(652a) Process Scaling and Design for Large Scale CO2 Capture By PSA

Authors: 
Jiang, H., University of South Carolina
Ebner, A. D., University of South Carolina
Ritter, J. A., University of South Carolina
Extremely large gas flow rates, like that associated with flue gas produced from a 550 MW coal fired power plant, can exceed 25,000,000 SLPM. Even larger flue gas flow rates can be produced from steel mills. The flue gas produced from a 550 MW coal fired power plant consists primarily of 15 vol% CO2, 65 vol% N2, 8 vol% O2, 12 vol% H2O and ppm levels of SO2 and NOx at a pressure slightly above about 100 kPa and a temperature between ambient and 125 oC. According to the Department of Energy (DOE), the goal is to capture and concentrate the CO2 and produce it in a stream containing at least 95 vol% CO2 with at least 90 % recovery and with less than 10 ppm of O2. Pressure and vacuum swing adsorption processes are being touted for this application. However, an issue arises with these low pressure flue gas streams when fed to a pressure swing adsorption (PSA) process.

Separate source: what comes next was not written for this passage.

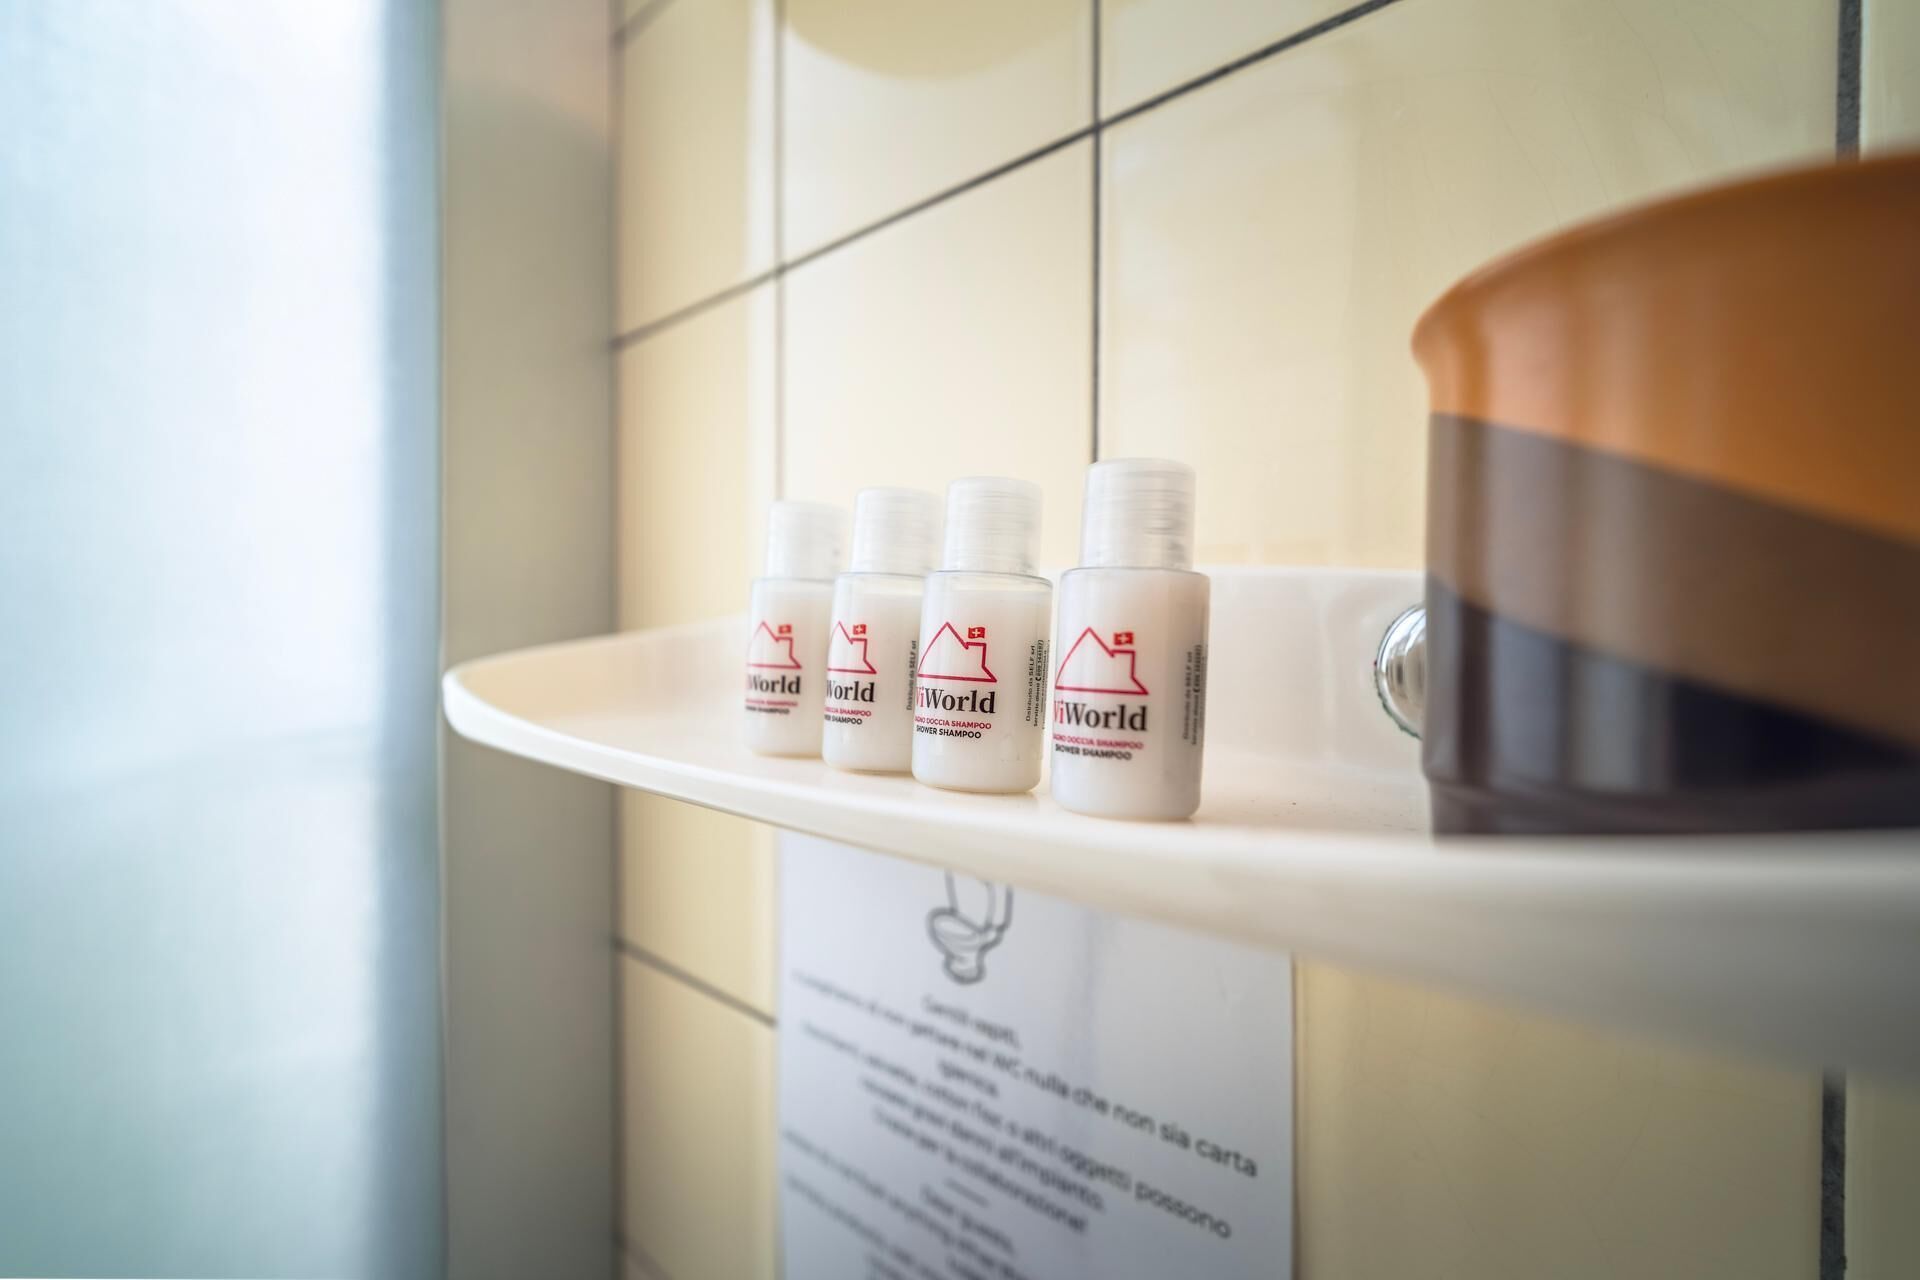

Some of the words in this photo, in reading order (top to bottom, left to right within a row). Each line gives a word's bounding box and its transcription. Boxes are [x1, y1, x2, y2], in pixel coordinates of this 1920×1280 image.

The issue is that the feed cannot be compressed very much because of the cost of compression. Hence, the feed must be compressed only slightly with a blower to about 120 kPa, thereby limiting the axial pressure drop along the bed to be less than about 20 kPa atm differential. This pressure drop limit/issue does not exist for PSA processes that operate with a feed pressure well above atmospheric pressure, like from 80 psia to 800 psia, the higher the better. Moreover, because the feed pressure is so low, to effectively regenerate the beds a vacuum must be applied, typically down to absolute pressures of around 5 kPa to 10 kPa. This is commonly referred to as a vacuum swing adsorption (VSA) process. To make matters even worse, the regeneration steps, typically consisting of countercurrent depressurization (CnD) and light reflux (LR) steps, also have a limit on the magnitude of the axial pressure drop, for if it is too large, then the beds are not effectively regenerated because the light end of the bed never experiences the lowest vacuum pressure experienced by the heavy or feed end of the bed. These limits on the axial pressure drop during the feed and regeneration steps of a VSA cycle are dictated by the interstitial velocity in the bed which varies with time and position.

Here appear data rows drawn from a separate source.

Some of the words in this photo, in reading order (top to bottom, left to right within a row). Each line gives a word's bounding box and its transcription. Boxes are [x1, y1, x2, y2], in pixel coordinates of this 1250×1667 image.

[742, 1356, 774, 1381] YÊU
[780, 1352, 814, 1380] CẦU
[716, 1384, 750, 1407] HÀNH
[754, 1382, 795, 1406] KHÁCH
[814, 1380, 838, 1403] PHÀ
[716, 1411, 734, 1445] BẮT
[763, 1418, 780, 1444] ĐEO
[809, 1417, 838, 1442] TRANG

These axial pressure drop limits give rise to two constraints: 1) the longer the bed the higher the axial pressure drop and 2) the higher the interstitial velocity the higher the axial pressure drop. When limited to bed aspect ratios of no less than one, these constraints limit both the height of the bed and the diameter of the bed, which, in turn, limits the amount of gas that can be processed in a bed during the feed step. A unique scaling procedure was developed to meet these constraints while minimizing the total number of beds required in the VSA system by operating one or more identical VSA units in parallel. Each of these VSA units contains a minimum number of identical beds. Many of these trains of multibed VSA units meet the required process performance, including the pressure drop constraints, but not the limit on the O2 concentration in the CO2 product. The latest results of this study PSA scaling and design will be presented.